*** DATA SHOWN ***

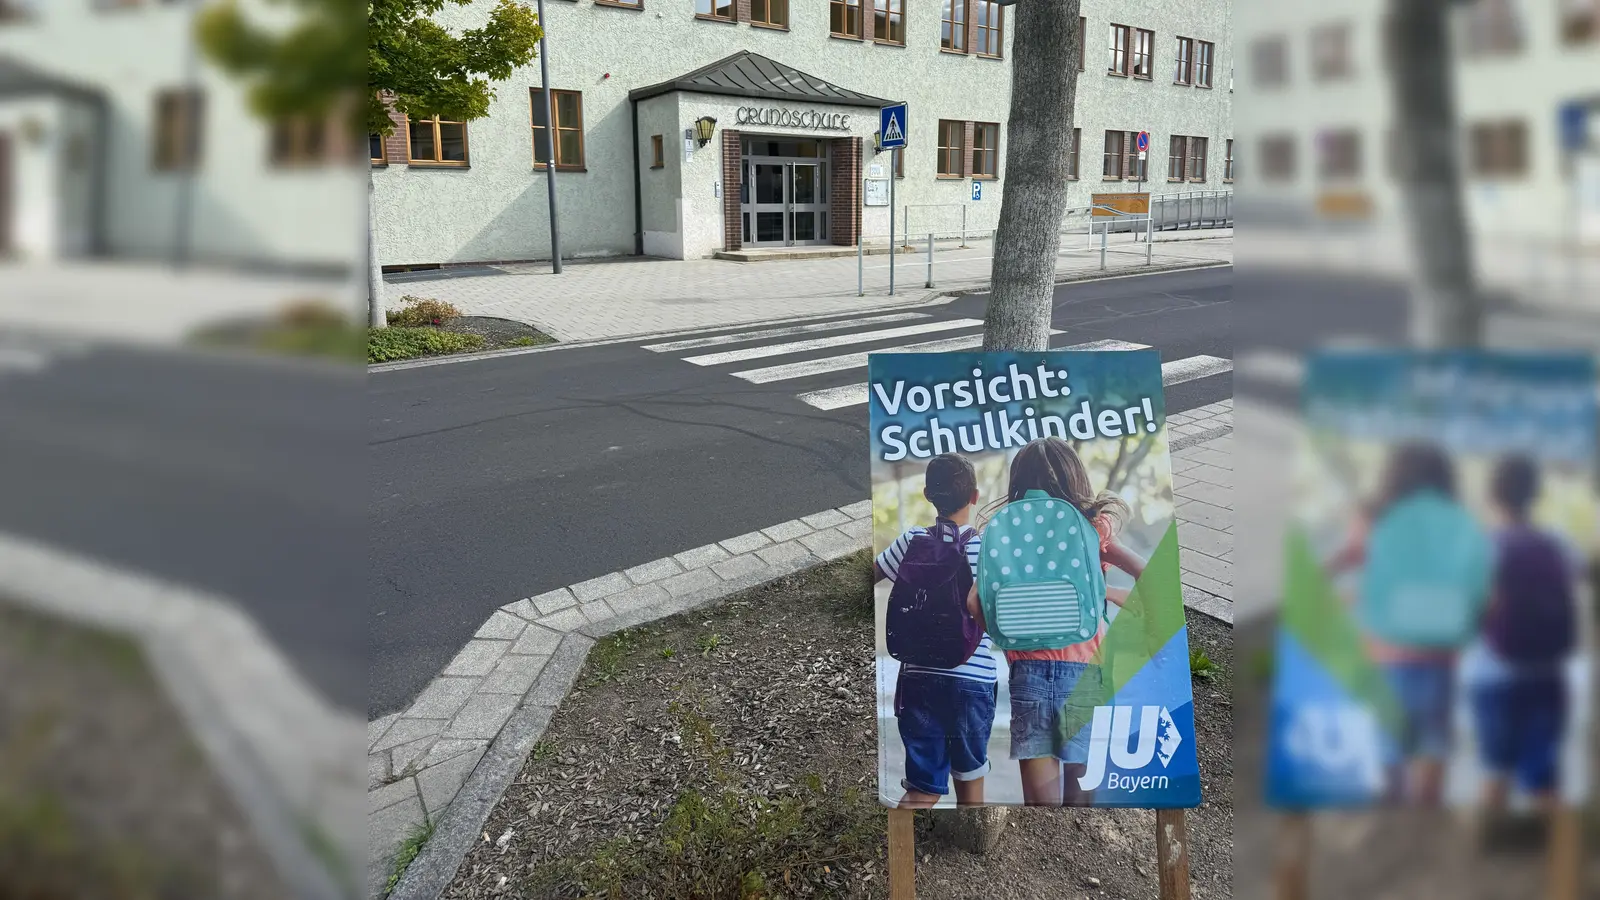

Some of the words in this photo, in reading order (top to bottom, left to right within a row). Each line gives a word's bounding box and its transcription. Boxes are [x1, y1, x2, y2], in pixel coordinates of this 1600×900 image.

[736, 106, 851, 132] GRUNDSCHULE
[973, 183, 980, 198] P
[873, 363, 1071, 416] Vorsicht:
[881, 397, 1157, 461] Schulkinder!
[1077, 706, 1160, 791] JU
[1107, 773, 1168, 793] Bayern

***

◆ WHAT YOU ARE ASKED TO DO: What is needed is an exact copy of all the entries above, minus the pictures.

◆ EXPECTED ANSWER:
Some of the words in this photo, in reading order (top to bottom, left to right within a row). Each line gives a word's bounding box and its transcription. Boxes are [x1, y1, x2, y2], in pixel coordinates of this 1600×900 image.

[736, 106, 851, 132] GRUNDSCHULE
[973, 183, 980, 198] P
[873, 363, 1071, 416] Vorsicht:
[881, 397, 1157, 461] Schulkinder!
[1077, 706, 1160, 791] JU
[1107, 773, 1168, 793] Bayern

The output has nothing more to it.